For overall outline of the program structure and its features see: my poster presentation on LineShapeKin at ICMRBS 2008 in San Diego, CA . The poster describes major features and uses in Version 3.1. For description of full capabilities, please, keep reading this online manual.  

Introduction

   Intermolecular interactions are characterized by equilibrium dissociation constant, Kd and kinetic constants of association and dissociation kon and koff. Binding event leads to changes in chemical shifts and line shapes of nuclei. Quantitative analysis of these changes allows one to describe kinetics of binding interactions.  HSQC or HMQC 2D-NMR experiments allow to simultaneously extract information from multiple independent probes in the protein (ie amide nitrogens, methyl carbons etc). Frequently a group of nuclei will respond to the same binding process and that allows to over-detemine the fitting problem and get most accurate results. In cases when there are multiple different binding interactions  occuring on protein surface, this technique gives site-resolved kinetic information which is inaccessible by most other means.

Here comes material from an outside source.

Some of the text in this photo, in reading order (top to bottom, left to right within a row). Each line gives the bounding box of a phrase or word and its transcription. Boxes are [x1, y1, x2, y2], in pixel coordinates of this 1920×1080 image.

    LineShapeKin is set of Python and Matlab programs for analysis of NMR line shape in terms kon and koff.  It is advisable to determine macroscopic Kd by a separate technique such as Isothermal Titration Calorimetry (ITC) so to reduce number of fitting parameters and increase accuracy of the result. As an approximation, Kd may be determined by fitting of the peak positions to generate a titration curve (this only  works for peaks in fast exchange limit). Optionally, Kd may be fit together with koff .

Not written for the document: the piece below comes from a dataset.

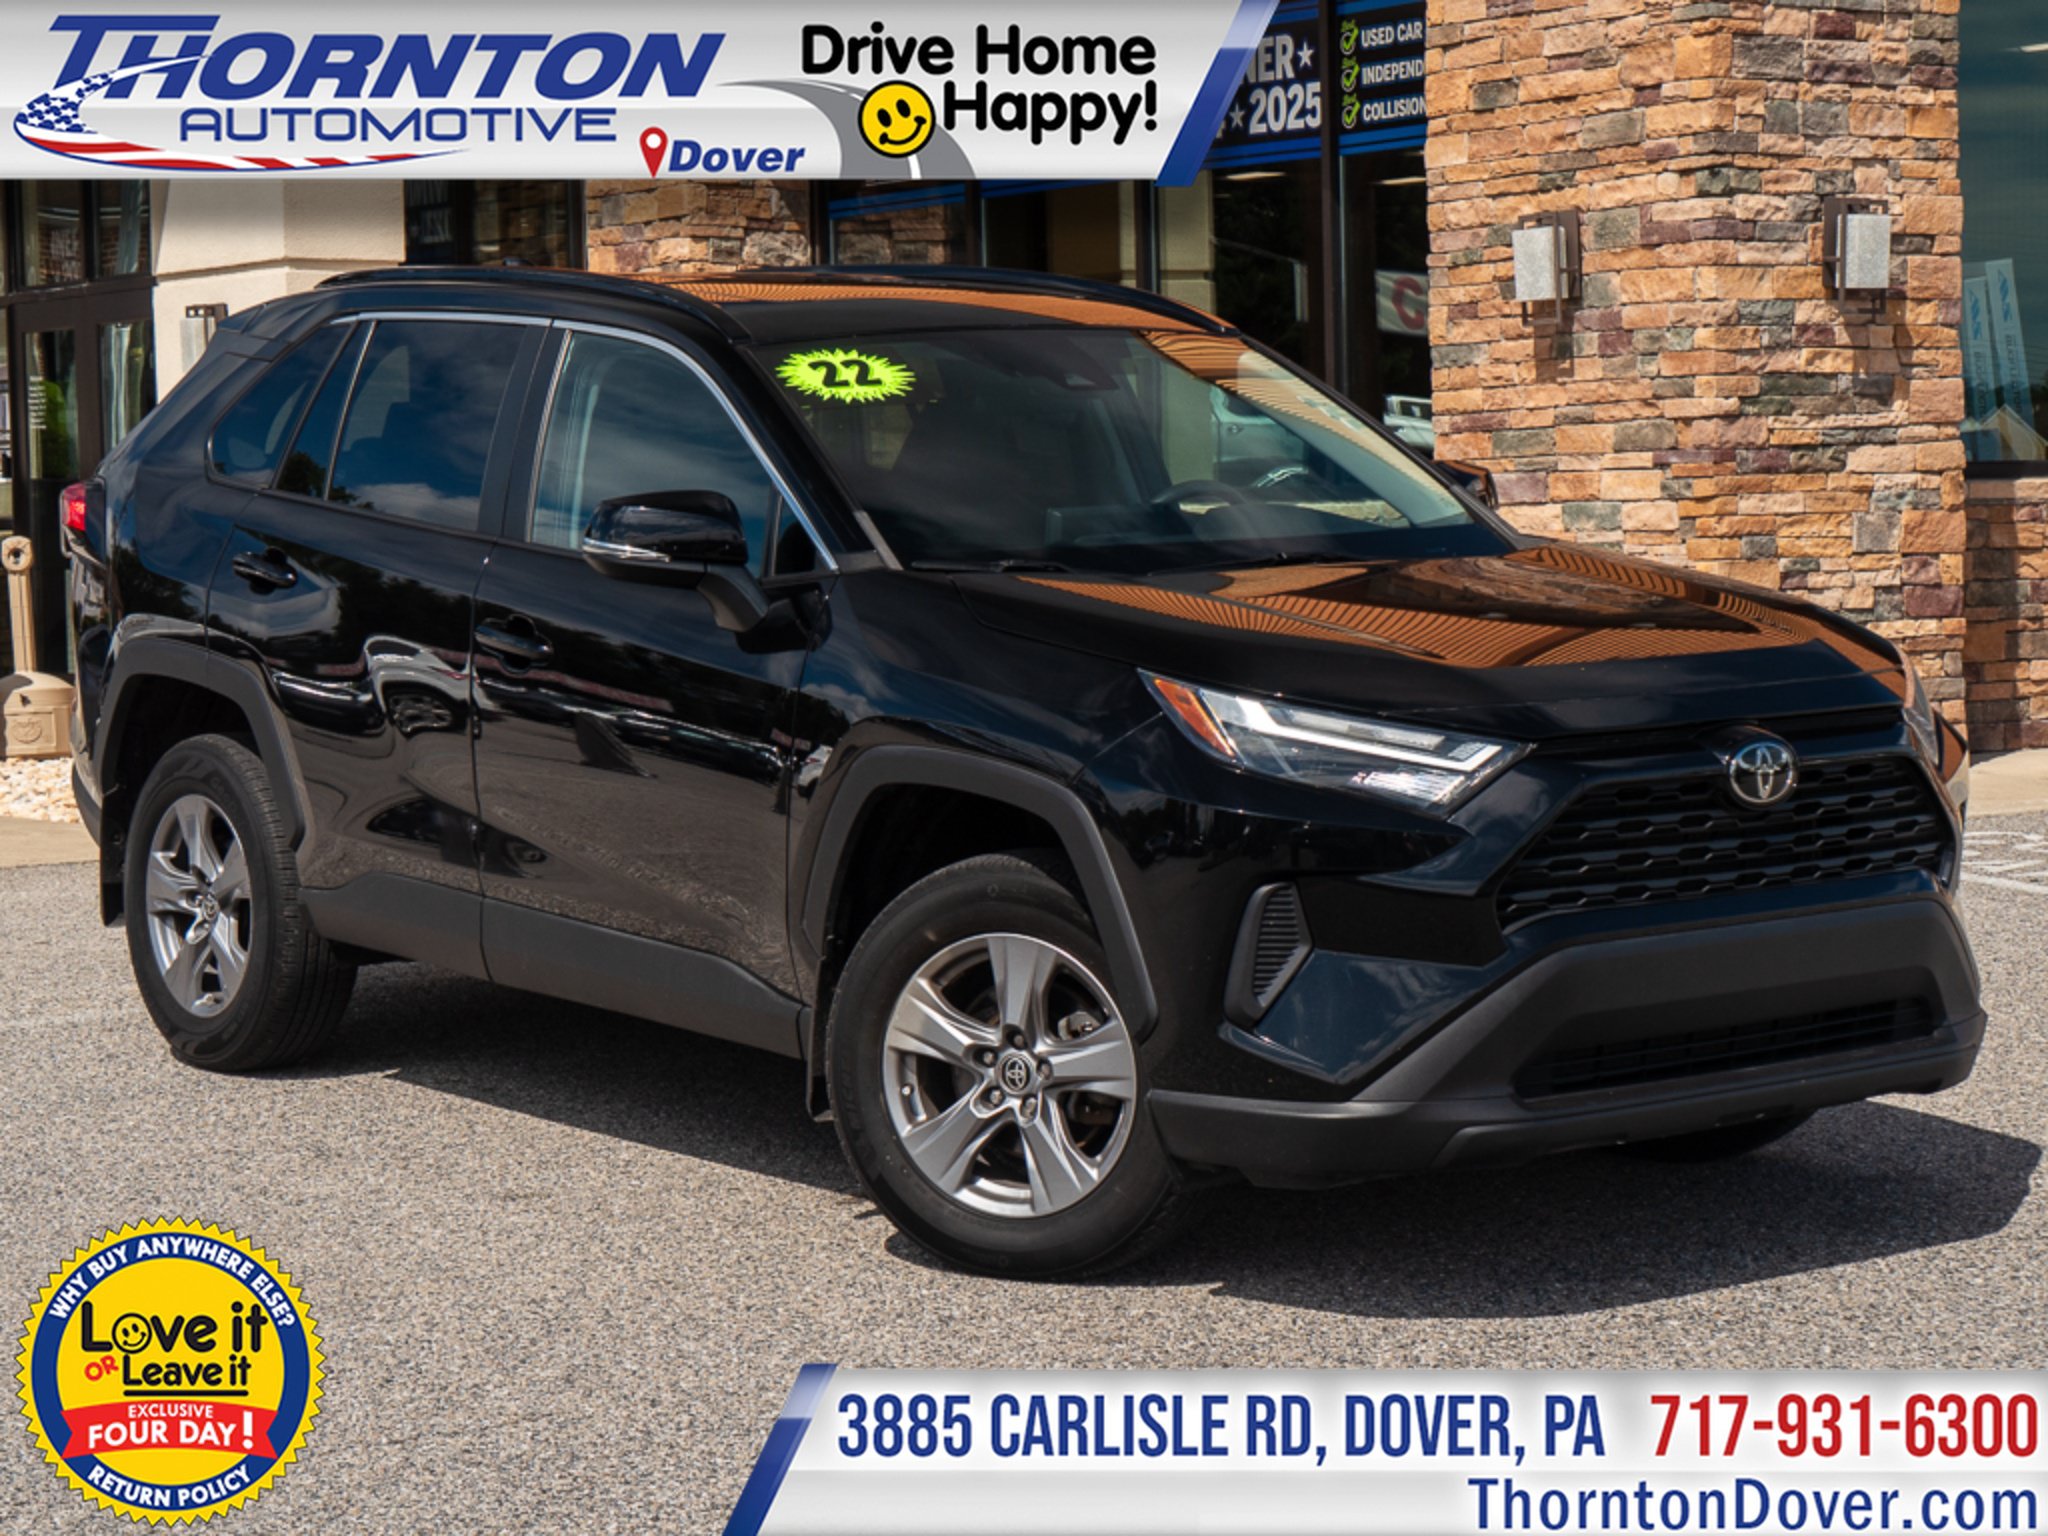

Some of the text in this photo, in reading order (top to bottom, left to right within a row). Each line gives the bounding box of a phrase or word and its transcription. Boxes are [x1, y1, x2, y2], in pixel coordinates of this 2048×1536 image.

[1361, 25, 1395, 47] USED
[1397, 21, 1424, 43] CAR
[1249, 81, 1322, 135] 2025
[807, 359, 883, 388] 22

   LineShapeKin uses 1D line shape slices for fitting instead of full 2D line shape from HSQC 2D plane. The advantages of this approach is as follows:

    We use Sparky to handle spectral data and conveniently export 1D slices for desired set of peaks. NMRView has line-shape extraction module under development so check with Bruce Johnson (http://www.onemoonscientific.com/nmrview/). Future releases will include compatibility with other popular spectral analysis packages. Alternatively, the output of Sparky line-shape extraction module is plain text format files that may be produced by a user from any spectral-processing software.

Matlab notebooks perform raw data display, line-shape normalization, fitting to individual rate constants, fitting to global model with single set of Kd , kon and koff.  as well as statistical analysis.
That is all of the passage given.